A name file contains two columns. The first column contains the name of a reference sequence that is in a distance matrix and the second column contains the names of the sequences (separated by commas) that the reference sequence represents. The list of names in the second column should always contain at least the reference sequence name.

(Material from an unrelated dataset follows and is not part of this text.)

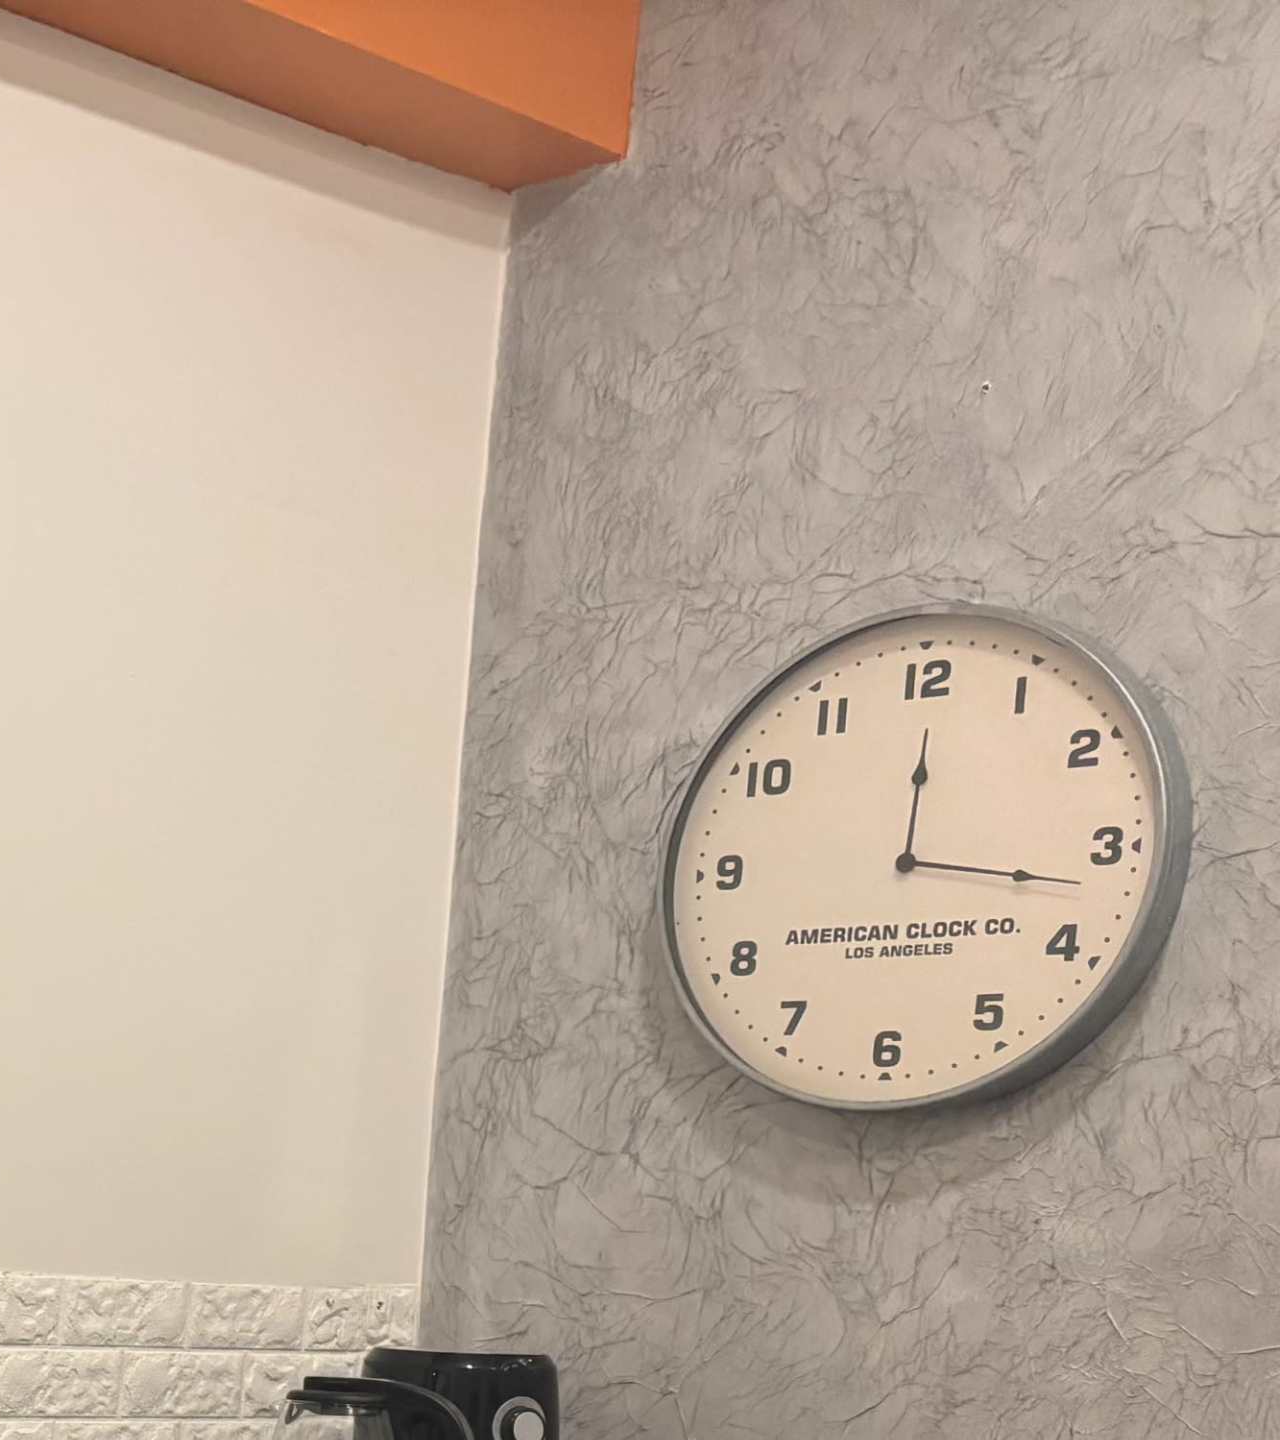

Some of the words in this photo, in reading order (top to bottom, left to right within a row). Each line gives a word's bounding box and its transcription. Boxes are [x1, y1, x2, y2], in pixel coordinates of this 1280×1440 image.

There are several reasons to be interested in providing a name file with your distance matrix. First, as sequencing collections increase in size, the number of duplicate sequences is increasing. This is especially the case with sequences generated via pyrosequencing. Sogin and colleagues 1 found that less than 50% of their sequences were unique. Because the alignments and distances for the duplicate sequences are the same, re-processing each duplicate sequence takes a considerable amount of computing time and memory.
Example from final.names:
...
GQY1XT001EYE6M GQY1XT001EYE6M,GQY1XT001D69D7,GQY1XT001A1LWJ
GQY1XT001EXZXC GQY1XT001EXZXC
GQY1XT001EXZLY GQY1XT001EXZLY
GQY1XT001EXOOM GQY1XT001EXOOM
GQY1XT001EX24Z GQY1XT001EX24Z,GQY1XT001AMCGM
GQY1XT001EWUBU GQY1XT001EWUBU,GQY1XT001DJLCH,GQY1XT001B50B7
GQY1XT001EWJBM GQY1XT001EWJBM
...
Second, if you pre-screen a clone library using ARDRA then you may only have a sequence for a handful of clones, but you know the number of times that you have seen a sequence like it. In such a case the second column of the name file would contain the sequence name as well as dummy sequence names
...
AA1234 AA1234,AA1234.1,AA1234.2
AA1235 AA1235
AA1236 AA1236,AA1236.1
AA1237 AA1237,AA1237.1,AA1237.2,AA1237.3
AA1238 AA1238,AA1238.1
...
A count or name file is not required (unless you are using the column= option), but depending on the data set to be analyzed, could significantly accelerate the processing time of downstream calculations. Considering the frequency of sequences is critical for pretty much every analysis in mothur, we want to use the name or count file to artificially inflate the matrix to its full size.
Finer points
Variability
You may notice that if you run the same command multiple times for the same dataset, you might get slightly different output.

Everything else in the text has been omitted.